The required output is the line that contains "Some of the words" through the last line of the data, retyped verbatim and with nothing added.

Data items
..........
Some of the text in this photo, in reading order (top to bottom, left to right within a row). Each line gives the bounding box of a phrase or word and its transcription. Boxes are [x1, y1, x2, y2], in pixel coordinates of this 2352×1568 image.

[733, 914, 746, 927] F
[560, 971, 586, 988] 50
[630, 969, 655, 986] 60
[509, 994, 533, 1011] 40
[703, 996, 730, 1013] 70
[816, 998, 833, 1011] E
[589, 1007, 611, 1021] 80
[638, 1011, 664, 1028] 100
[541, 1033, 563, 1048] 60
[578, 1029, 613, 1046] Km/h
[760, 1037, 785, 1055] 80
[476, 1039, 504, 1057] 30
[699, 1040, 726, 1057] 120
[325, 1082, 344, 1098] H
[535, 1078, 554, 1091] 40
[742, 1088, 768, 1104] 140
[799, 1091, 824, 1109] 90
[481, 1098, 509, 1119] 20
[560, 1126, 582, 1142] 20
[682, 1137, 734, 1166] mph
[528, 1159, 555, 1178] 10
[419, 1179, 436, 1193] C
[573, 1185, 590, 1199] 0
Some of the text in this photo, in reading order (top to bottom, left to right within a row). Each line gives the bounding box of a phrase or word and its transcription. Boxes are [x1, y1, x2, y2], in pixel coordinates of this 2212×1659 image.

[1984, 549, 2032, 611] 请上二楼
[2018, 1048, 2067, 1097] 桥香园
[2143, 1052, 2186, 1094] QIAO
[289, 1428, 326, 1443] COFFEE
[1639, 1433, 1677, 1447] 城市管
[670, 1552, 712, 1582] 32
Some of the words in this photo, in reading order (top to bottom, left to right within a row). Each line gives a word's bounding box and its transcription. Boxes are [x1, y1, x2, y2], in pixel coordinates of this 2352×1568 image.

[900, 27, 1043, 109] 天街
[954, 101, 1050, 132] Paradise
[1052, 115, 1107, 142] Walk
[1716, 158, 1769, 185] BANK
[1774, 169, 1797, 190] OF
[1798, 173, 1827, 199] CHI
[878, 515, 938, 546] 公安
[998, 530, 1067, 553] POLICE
..........
> _REPLY_:
Some of the words in this photo, in reading order (top to bottom, left to right within a row). Each line gives a word's bounding box and its transcription. Boxes are [x1, y1, x2, y2], in pixel coordinates of this 2352×1568 image.

[900, 27, 1043, 109] 天街
[954, 101, 1050, 132] Paradise
[1052, 115, 1107, 142] Walk
[1716, 158, 1769, 185] BANK
[1774, 169, 1797, 190] OF
[1798, 173, 1827, 199] CHI
[878, 515, 938, 546] 公安
[998, 530, 1067, 553] POLICE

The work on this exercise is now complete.